SCOPE OF THIS CHAPTER

This guidance outlines the importance of good record keeping when working with children and families. It also sets out the specific recording requirements which should be followed when a request to share information is made.


Contents

  1. General Principles
  2. Record Keeping in Relation to Information Sharing
  3. Record Keeping in Relation to “Case by Case” Information Sharing

    Further Information


1. General Principles

Good record keeping is an essential part of the accountability of professionals to those who use their services. It helps focus work and it is essential to working effectively across agency and professional boundaries. Clear and accurate records ensure that there is a documented account of an agency's or professional's involvement with a child and/or family. They help with continuity when individual workers are unavailable or change, and they provide an essential tool for managers to monitor work or for peer review.

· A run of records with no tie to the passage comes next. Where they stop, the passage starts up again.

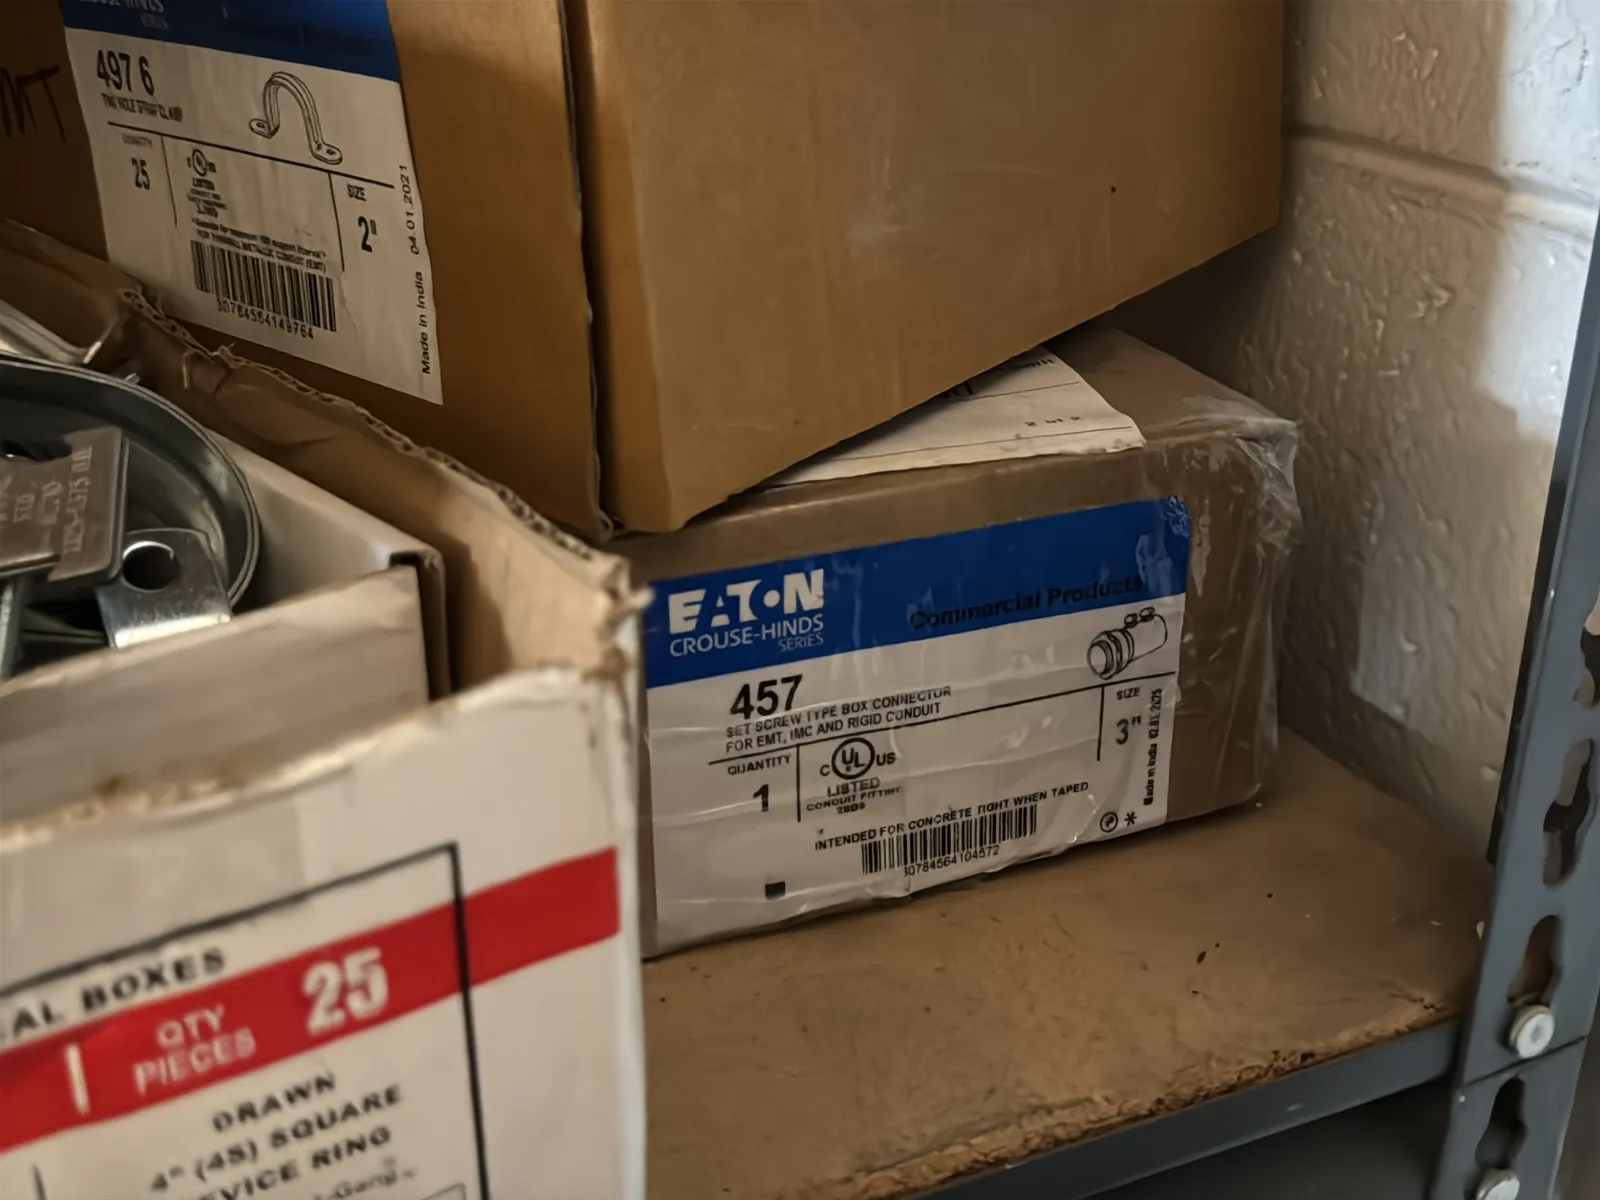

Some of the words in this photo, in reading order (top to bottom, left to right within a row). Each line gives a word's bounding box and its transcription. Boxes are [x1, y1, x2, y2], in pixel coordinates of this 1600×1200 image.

[131, 157, 150, 190] 25
[415, 271, 427, 309] India
[419, 314, 428, 328] in
[422, 333, 431, 374] Made
[909, 588, 1041, 630] Commercial
[1046, 577, 1143, 609] Products
[669, 613, 825, 658] CROUSE-HINDS
[778, 632, 824, 652] SERIES
[726, 722, 750, 738] SET
[755, 712, 801, 732] SCREW
[806, 703, 838, 722] TYPE
[841, 700, 869, 716] BOX
[872, 686, 951, 710] CONNECTOR
[730, 674, 803, 720] 457
[1116, 687, 1141, 700] SIZE
[726, 736, 754, 754] FOR
[756, 732, 787, 748] EMT,
[790, 725, 813, 741] IMC
[816, 719, 844, 735] AND
[847, 712, 882, 729] RIGID
[886, 702, 941, 723] CONDUIT
[727, 754, 791, 776] QUANTITY
[827, 777, 880, 797] LISTED
[752, 784, 770, 812] 1
[806, 794, 856, 811] CONDUIT
[814, 829, 876, 851] INTENDED
[879, 822, 904, 837] FOR
[908, 807, 972, 830] CONCRETE
[978, 799, 1010, 814] TIGHT
[1013, 791, 1047, 806] WHEN
[1051, 781, 1089, 797] TAPED
[0, 1000, 64, 1040] AL
[81, 948, 225, 1013] BOXES
[157, 1003, 226, 1050] QTY
[303, 946, 388, 1036] 25
[133, 1027, 256, 1096] PIECES
[211, 1069, 338, 1135] DRAWN
[268, 1083, 403, 1150] SQUARE
[310, 1124, 393, 1170] RING

Records are a source of evidence for investigations and enquiries, and may be required to be disclosed in Court Proceedings. Where Section 47 Enquiries do not result in the substantiation of referral concerns, records should be retained in accordance with agency retention policies. These policies should incorporate the safe storage of information and retrieval of records.

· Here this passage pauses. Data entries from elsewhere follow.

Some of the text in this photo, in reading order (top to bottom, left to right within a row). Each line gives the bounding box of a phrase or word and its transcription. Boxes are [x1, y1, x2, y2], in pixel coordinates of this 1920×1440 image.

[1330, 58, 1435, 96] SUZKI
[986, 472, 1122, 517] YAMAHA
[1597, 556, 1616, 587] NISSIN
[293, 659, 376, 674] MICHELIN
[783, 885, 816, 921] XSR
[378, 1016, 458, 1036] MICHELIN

To serve these purposes records should use clear, straightforward language, be concise, and be accurate not only in fact, but also in differentiating between opinion, judgement and hypothesis.

Safeguarding and promoting the welfare of children requires information to be brought together from a number of sources and professional judgements to be made on the basis of this information.

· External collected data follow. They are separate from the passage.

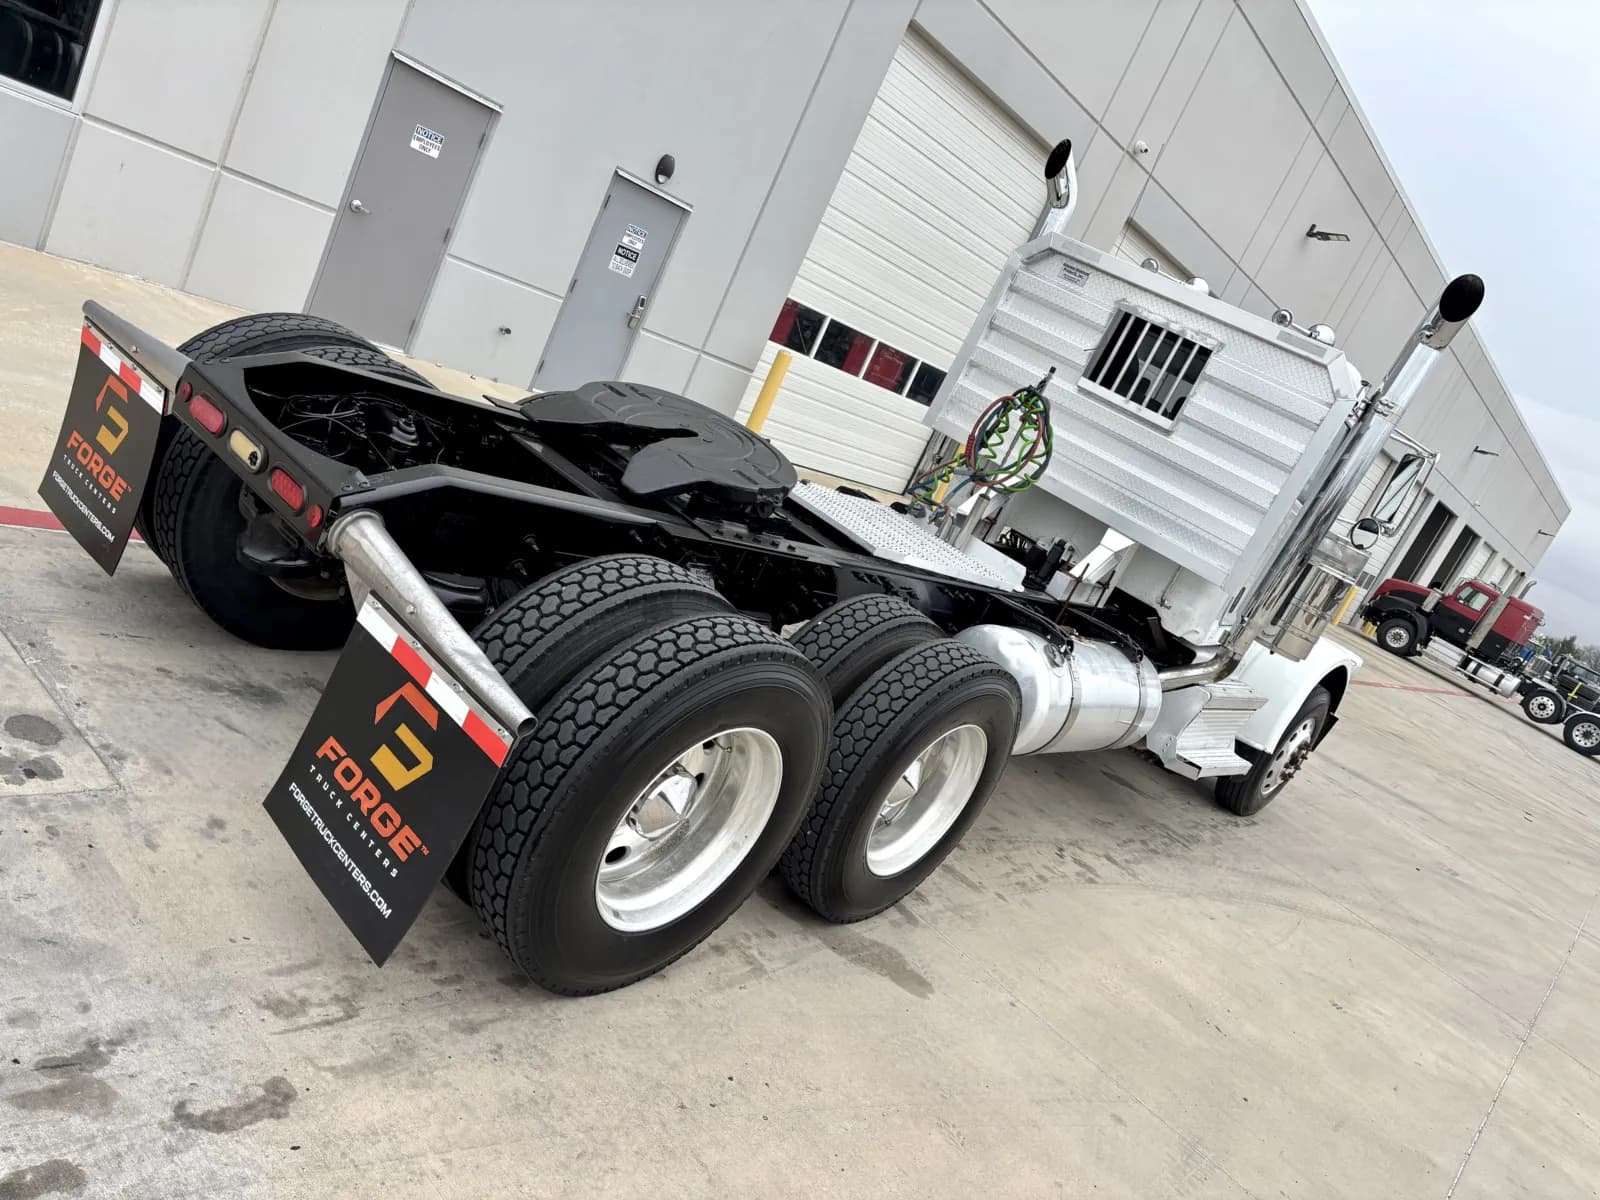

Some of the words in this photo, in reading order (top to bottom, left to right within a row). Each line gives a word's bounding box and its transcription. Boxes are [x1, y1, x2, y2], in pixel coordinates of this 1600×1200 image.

[413, 134, 440, 151] EMPLOYEES
[416, 126, 444, 144] NOTICE
[617, 247, 638, 261] NOTICE
[52, 470, 116, 544] FORGETRUCKCENTERS.COM
[63, 454, 83, 480] TRUCK
[84, 479, 117, 515] CENTERS
[288, 781, 393, 919] FORGETRUCKCENTERS.COM
[308, 764, 343, 809] TRUCK
[346, 812, 399, 878] CENTERS

Where decisions have been taken jointly across agencies, or endorsed by a manager, this should be made clear.

All agencies need to be aware that all records (notes, minutes, plans etc) can be potentially disclosed as evidence in criminal and civil proceedings.

Children and families must be informed that records are being kept and that they have a right to access these.


2. Record Keeping in Relation to Information Sharing

Recording information sharing decisions, including the reasons for the decisions, is necessary as part of the audit trail. These records can help other practitioners understand what happened and why and help to avoid duplication. Without these records it may be difficult to prove that due process was followed if legal action is brought against an organisation (see 'Information Sharing: How to Record Decisions').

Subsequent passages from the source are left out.